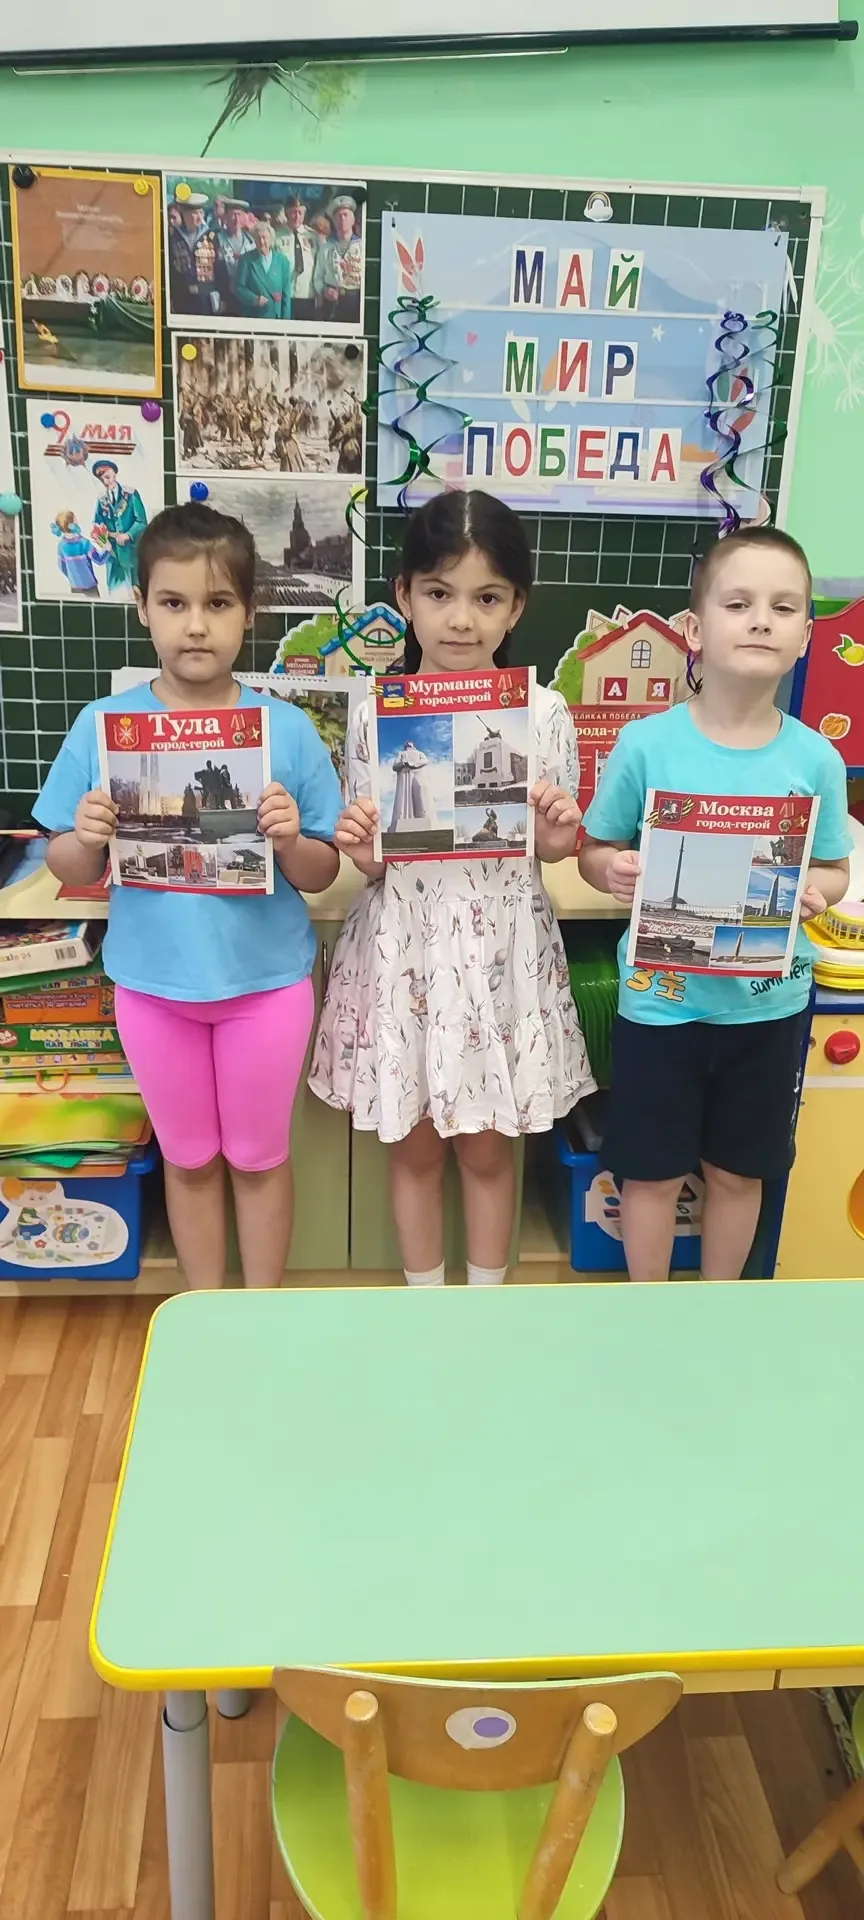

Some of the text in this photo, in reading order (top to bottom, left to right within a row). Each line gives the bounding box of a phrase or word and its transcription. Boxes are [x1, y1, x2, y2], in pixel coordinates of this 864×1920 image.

[513, 249, 640, 309] МАЙ
[505, 340, 635, 396] МИР
[52, 410, 71, 443] 9
[466, 426, 677, 482] ПОБЕДА
[408, 677, 493, 697] Мурманск
[419, 691, 492, 708] город-герой
[573, 712, 607, 720] ЕЛИКАЯ
[147, 713, 222, 741] Тула
[150, 737, 225, 751] город-герой
[697, 800, 775, 817] Москва
[696, 818, 771, 831] город-герой
[30, 1029, 114, 1041] МОЗАИКА

● ● ● ● ● ● ●

*WORK INSTRUCTION*: What is needed is an exact reprint of every entry, pictures excluded.

*REPLY*:
Some of the text in this photo, in reading order (top to bottom, left to right within a row). Each line gives the bounding box of a phrase or word and its transcription. Boxes are [x1, y1, x2, y2], in pixel coordinates of this 864×1920 image.

[513, 249, 640, 309] МАЙ
[505, 340, 635, 396] МИР
[52, 410, 71, 443] 9
[466, 426, 677, 482] ПОБЕДА
[408, 677, 493, 697] Мурманск
[419, 691, 492, 708] город-герой
[573, 712, 607, 720] ЕЛИКАЯ
[147, 713, 222, 741] Тула
[150, 737, 225, 751] город-герой
[697, 800, 775, 817] Москва
[696, 818, 771, 831] город-герой
[30, 1029, 114, 1041] МОЗАИКА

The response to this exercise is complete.